I spent my train journey home tonight writing a furious diatribe to the state of Texas on the death of Kenneth Foster. It was probably the angriest thing I’ve ever written, and I was fully prepared to throw it on the blog tonight as soon as I got the news I had been dreading.
Kenneth’s death sentence was commuted to life by Governor Rick Perry this afternoon, on the day he was scheduled to be executed.
I’m a little drunk and a lot emotional at the incredible news, so I’ll let Michael Graczyk of AP take up the slack…
HUNTSVILLE – Gov. Rick Perry accepted a recommendation from the state parole board and said today he would spare condemned prisoner Kenneth Foster from execution and commute his sentence to life.
Foster had been scheduled to die tonight.
“After carefully considering the facts of this case, along with the recommendation from the Board of Pardons and Paroles, I believe the right and just decision is to commute Foster’s sentence from the death penalty to life imprisonment,” Perry said in a statement.
“I am concerned about Texas law that allowed capital murder defendants to be tried simultaneously and it is an issue I think the Legislature should examine.”
The seven-member parole board had voted 6-1 to recommend the commutation.
Perry did not have to accept the highly unusual recommendation from the board whose members he appoints.
Foster was the getaway driver and not the actual shooter in the slaying of a 25-year-old man in San Antonio 11 years ago.
Foster acknowledged he and his friends were up to no good as he drove them around San Antonio in a rental car and robbed at least four people 11 years ago before the slaying of Michael LaHood Jr.
“It was wrong,” Foster, 30, said recently from death row. “I don’t want to downplay that. I was wrong for that. I was too much of a follower. I’m straight up about that.”
Kenneth’s commutation is of course just the tip of the iceberg. 5 men are scheduled to go under the needle next month. Texas is still head, shoulders, chest and belly above every other US state in the numbers of men it sends to the death chamber every year.
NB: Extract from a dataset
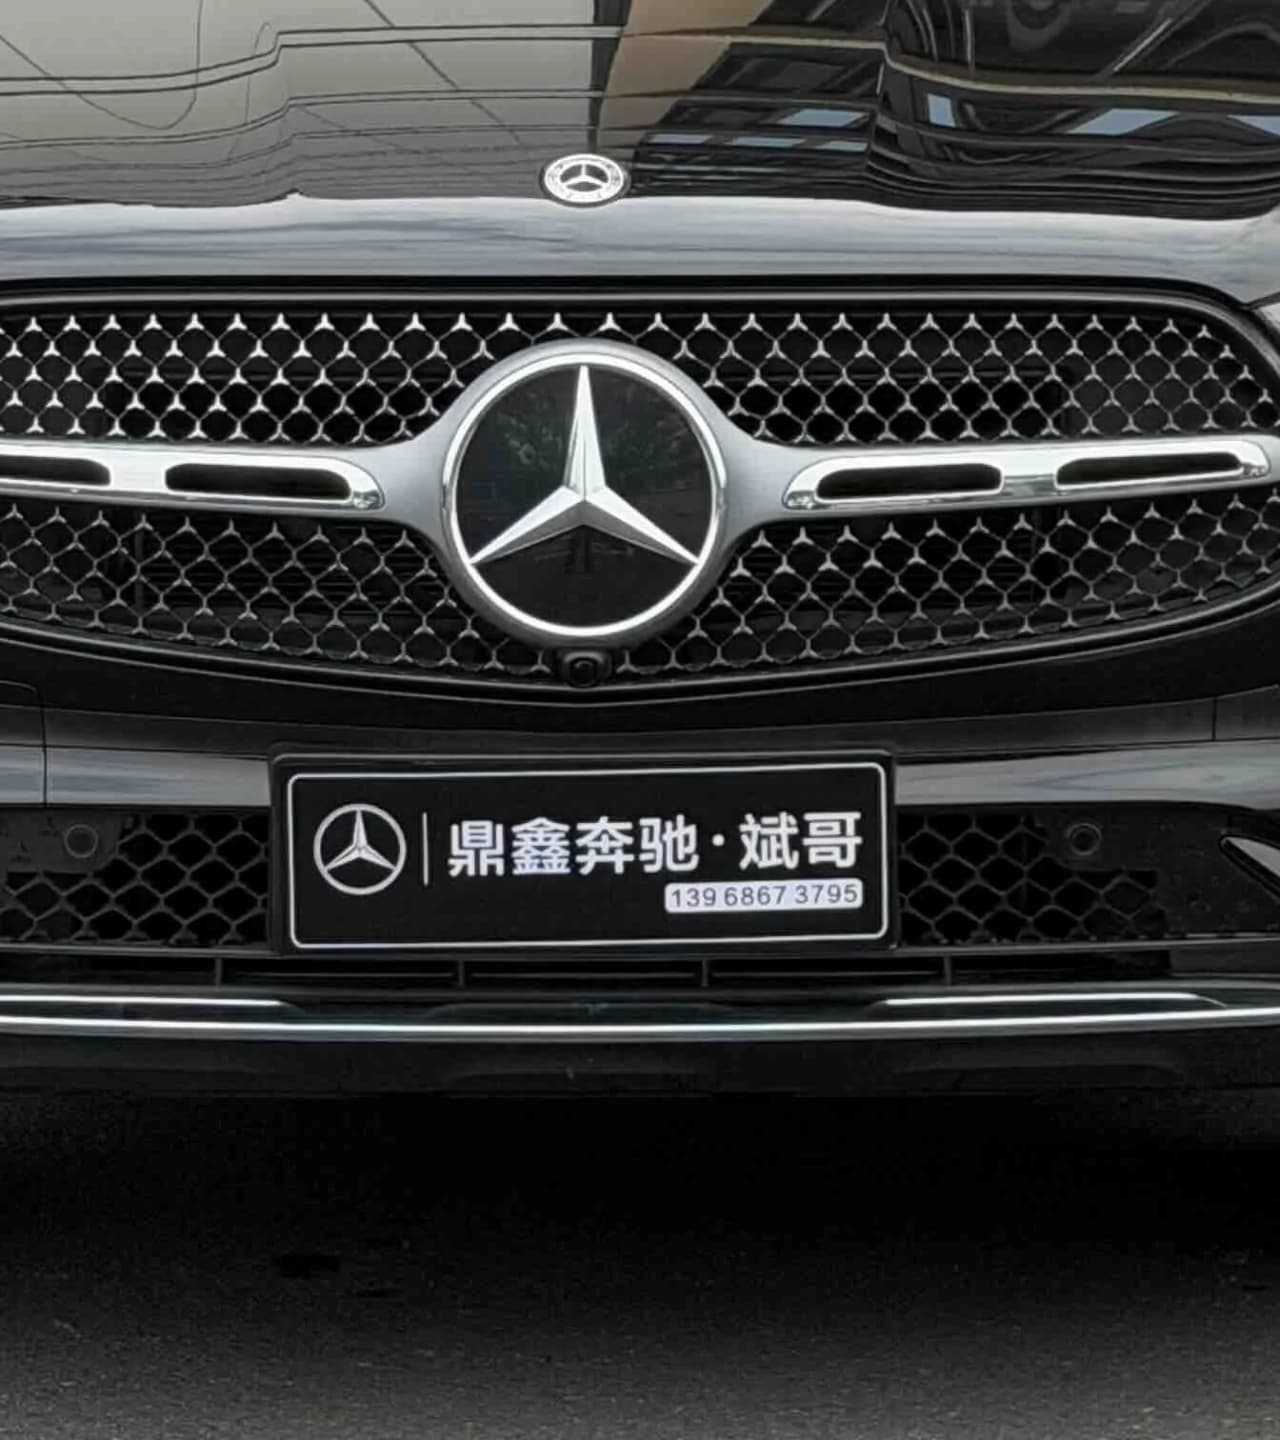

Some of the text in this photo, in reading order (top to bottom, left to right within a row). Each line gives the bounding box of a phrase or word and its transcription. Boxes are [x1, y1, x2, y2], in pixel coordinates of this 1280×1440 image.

The fact that Rick Perry has seen sense in a case that reverberated around the planet should not make this the end of the story. I should of course mention that Gov. Perry also mentioned the Law of Parties in an aside as something that needs to be looked at by the legislature. I absolutely applaud that move, as Texas is the one state of the union to feel free to use that controversial ruling in capital cases.
Don’t stop the signal. Keep an eye on the shenanigans of them crazy Texans by visiting the Texas Moritorium Network, campaigning to end the death penalty in Texas.
Yippeekiyay, melonfarmers.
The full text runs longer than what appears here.